In Re Genser

105 A.2d 829, 15 N.J. 600, 1954 N.J. LEXIS 304
CourtSupreme Court of New Jersey
DecidedJune 7, 1954
StatusPublished
Cited by31 cases

This text of 105 A.2d 829 (In Re Genser) is published on Counsel Stack Legal Research, covering Supreme Court of New Jersey primary law. Counsel Stack provides free access to over 12 million legal documents including statutes, case law, regulations, and constitutions.

Bluebook
In Re Genser, 105 A.2d 829, 15 N.J. 600, 1954 N.J. LEXIS 304 (N.J. 1954).

Opinion

Per Curiam.

William Genser was admitted in this State as an attorney-at-law in April 1937, and as a counsellor-atlaw in October 1941, and has maintained offices at Teaneck and at Leonia, both in Bergen County, New Jersey.

In a presentment filed by the Ethics and Grievance Committee for Bergen County, Genser was charged with unethical and unprofessional conduct. R. R. l:16-4(h.). An order to show cause why he should not be disbarred or otherwise disciplined was issued.

The violations of ethics and unprofessional conduct charged to Genser were: (1) violation of Canon 6, in that he allegedly permitted his personal interests to conflict with those of a client; (2) violation of Canon 11, in that he allegedly dealt with property of a client to his own advantage; (3) violation of Canon 22, in that he allegedly falsely represented himself to be the attorney of another and thereby obtained the moneys which were allegedly misappropriated; and (4) that Genser signed his name as witness to a concededly forged signature on a written contract.

Although the presentment alleged violation of specific canons, however in the consideration of such presentment the following paragraph of the Preamble of the Canons of Professional Ethics is pertinent:

“No code or set of rules can be framed, which will particularize all the duties of the lawyer in the varying phases of litigation or in all the relations of professional life. The following canons of ethics are adopted by the American Bar Association as a general guide, yet the enumeration of particular duties should not be construed as a denial of the existence of others equally imperative, though not specifically mentioned.”

In this case the presentment charged the respondent with being guilty of unprofessional conduct based on transactions set forth in the presentment and the testimony taken before the Ethics and Grievance Committee for Bergen County, of *603 which presentment and evidence the respondent was fully cognizant.

An attorney’s responsibility is to the courts, the profession and the public, and his misconduct may be of such a nature as to engender disrespect for the law which is his basic trust. In re Howell, 10 N. J. 139, 140-141 (1952).

The facts in this case are that Alfred L. Weiss and Samuel Goldwasser, New York attorneys, were associated with others as Eamsey Associates. A proposed project of Eamsey Associates was for the construction of a restaurant and other facilities on a tract of land at Eamsey, New Jersey, acquired by Mynard E. Greene, a local real estate broker and contractor. Greene transferred his interest to one Kaplan who in turn transferred his interest to Eamsey Associates.

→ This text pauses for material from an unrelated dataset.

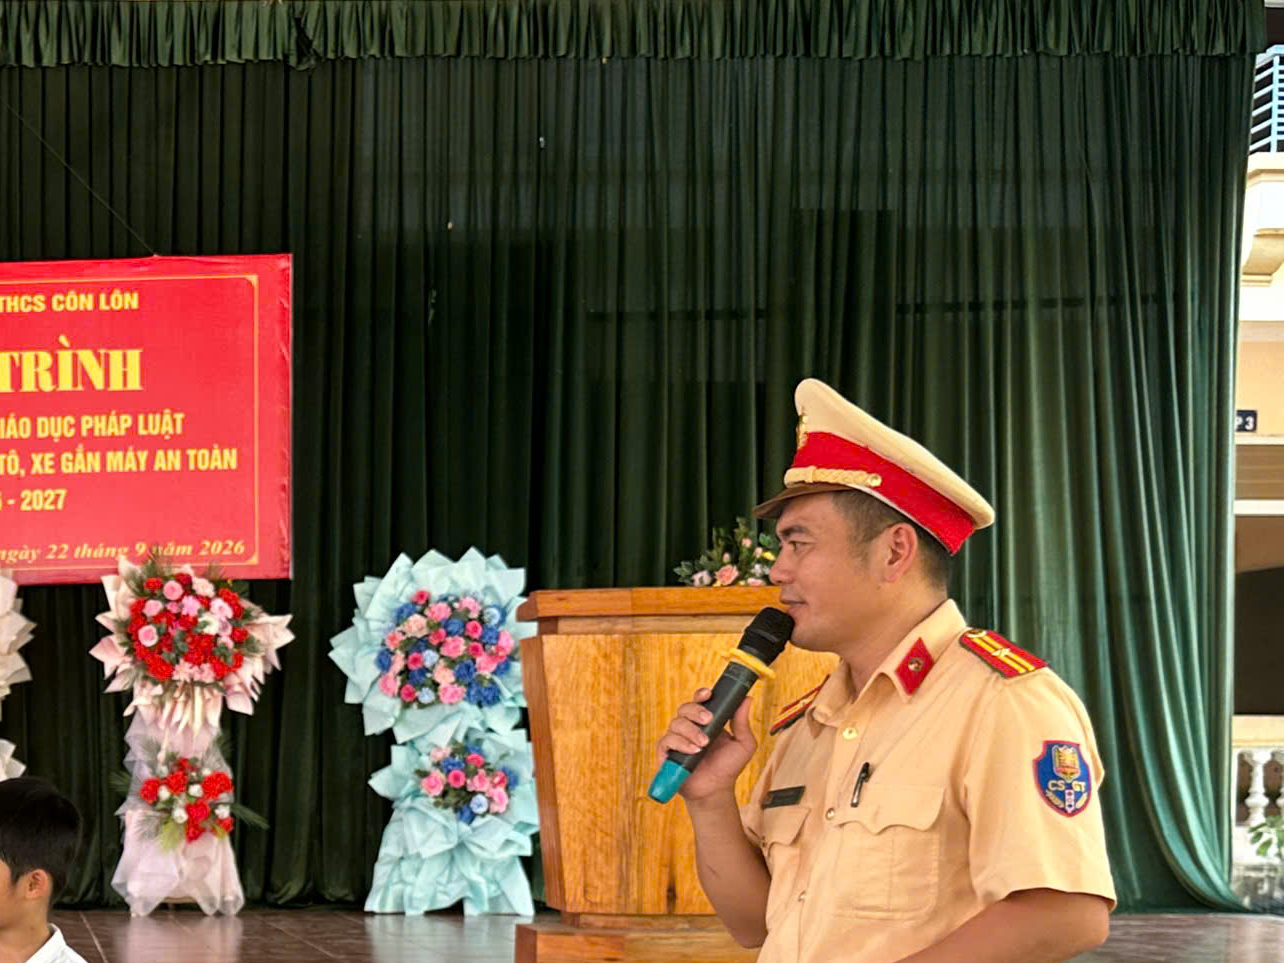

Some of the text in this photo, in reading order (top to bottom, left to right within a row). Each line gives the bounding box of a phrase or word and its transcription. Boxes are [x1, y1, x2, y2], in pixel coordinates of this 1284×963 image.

Weiss and Goldwasser contracted with Greene to clear the land and erect a sign on the property. The price Greene was to receive was $1830 ($250 of which was for the sign). Green hired Lucien J. Luckel to supervise the clearing work. The work began. Greene became critically ill. Mrs. Greene asked Maurice H. Ludwin (an attorney and real estate broker interested with Greene in brokerage transactions relating to the project) and Genser to “take care of things,” as they were long standing friends of the Greenes. Weiss and Goldwasser heard that dirt fill was being taken onto the property, which they contended was not compliance with their agreement with Greene. They immediately proceeded from New York City to the project and they ordered Luckel to stop work. Ludwin and Genser were also present. Whether there was any representation that Genser represented anyone does not clearly appear. The reason why Genser was present is not definitely established although it would seem throughout the affair he was not acting in the capacity of a lawyer but of one seeking to interlope on some prospective business ventures. Luckel demanded money to meet immediate payrolls (the expense of the work was expressed to be then upwards of $5000). Weiss and Goldwasser delivered to Genser $1830 by two checks to his order as “attorney,” one for $500 and the second for $1330. Goldwasser testified “that *604 is what we wanted him to act, as attorney for Greene, to hold the money for Mr. Greene.” Ludwin, though not positive, testified to the effect that he (Ludwin) suggested that Genser hold the money. It seems from all the evidence that it was too late for Weiss and Goldwasser to obtain cash elsewhere and that Genser immediately cashed a check for $500 with money there on his person. Weiss testified that the $500 check could have been for Luckel to meet his current payroll. It appears that Genser cashed the other check, $1330, on the following Monday.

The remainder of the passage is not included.